Em outros países, o risco de desemprego também tem sido maior para os sexagenários. Um estudo do Centre for Aging Better alertou que a crise da COVID-19 pode levar uma geração de pessoas entre 50 e 60 anos a se aposentar com sérios problemas de saúde e sem dinheiro suficiente para se sustentar.
No entanto, segundo a doutoranda, “a boa notícia é que, em contrapartida, há movimentos gratuitos de capacitação para esses profissionais e, até mesmo, iniciativas de contratação de profissionais com mais de 50 anos, a exemplo de empresas do setor financeiro que desejam oferecer consultoria com alto nível de experiência aos seus clientes”.
“Parte do que está por vir vai depender da empresa. Se está presa a ideias anacrônicas sobre os trabalhadores com mais de 60 ou se já notou que um bom caminho para a retomada é contar com profissionais experientes, resilientes e leais à marca. Mas também é importante que esses profissionais aproveitem o período para se dedicar ao aperfeiçoamento e desenvolvimento de competências”, ponderou.

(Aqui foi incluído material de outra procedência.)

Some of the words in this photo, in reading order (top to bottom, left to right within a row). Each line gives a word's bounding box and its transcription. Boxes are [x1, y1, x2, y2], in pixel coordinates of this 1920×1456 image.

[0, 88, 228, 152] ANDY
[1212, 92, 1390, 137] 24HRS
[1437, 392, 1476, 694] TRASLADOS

Márcia aponta a necessidade crescente de os profissionais de Recursos Humanos desenvolverem as competências necessárias para gerenciar a diversidade etária dos colaboradores. “Ter uma visão contemporânea sobre a carreira mais longa e conhecer o perfil dos seus colaboradores com mais de 50, incluindo motivações, expectativas, projeto de vida e trabalho, irão conduzir a empresa a decisões mais igualitárias, assertivas e, quiçá, inovadoras neste momento”, explica.
Subterfúgio contra a finitude
Para Márcia, uma das formas pelas quais os trabalhadores mais experientes podem ressignificar este momento de isolamento social é com o trabalho voluntário. Notando a dificuldade de acesso das pessoas mais pobres aos meios adequados para se protegerem, a aluna da Coppe fez uma parceria em família para ajudar quem mais precisa.
Márcia e sua mãe, dona Adélia Tavares, costuraram cerca de 600 máscaras, que foram distribuídas nos municípios de Mesquita e Nova Iguaçu, na Baixada Fluminense, e também para os idosos hospedados na instituição de longa permanência Casa de Repouso Guaratiba. “Foi uma troca intergeracional. Eu aprendi a costurar e ela aprendeu o conceito de uma linha de produção e, em especial, a higienizar corretamente o tecido e o local de trabalho, cortar e costurar grandes quantidades, armazenar e embalar”.
“Estar ativo é se sentir vivo. É um fenômeno psicológico. Ao se aposentar, a pessoa idosa perde as conexões, o contato com clientes, colegas e fornecedores. O trabalho voluntário não aufere renda, mas resgata no idoso o sentimento de pertencer a uma comunidade e a sensação de utilidade. É um subterfúgio contra a finitude da vida”, conclui Márcia.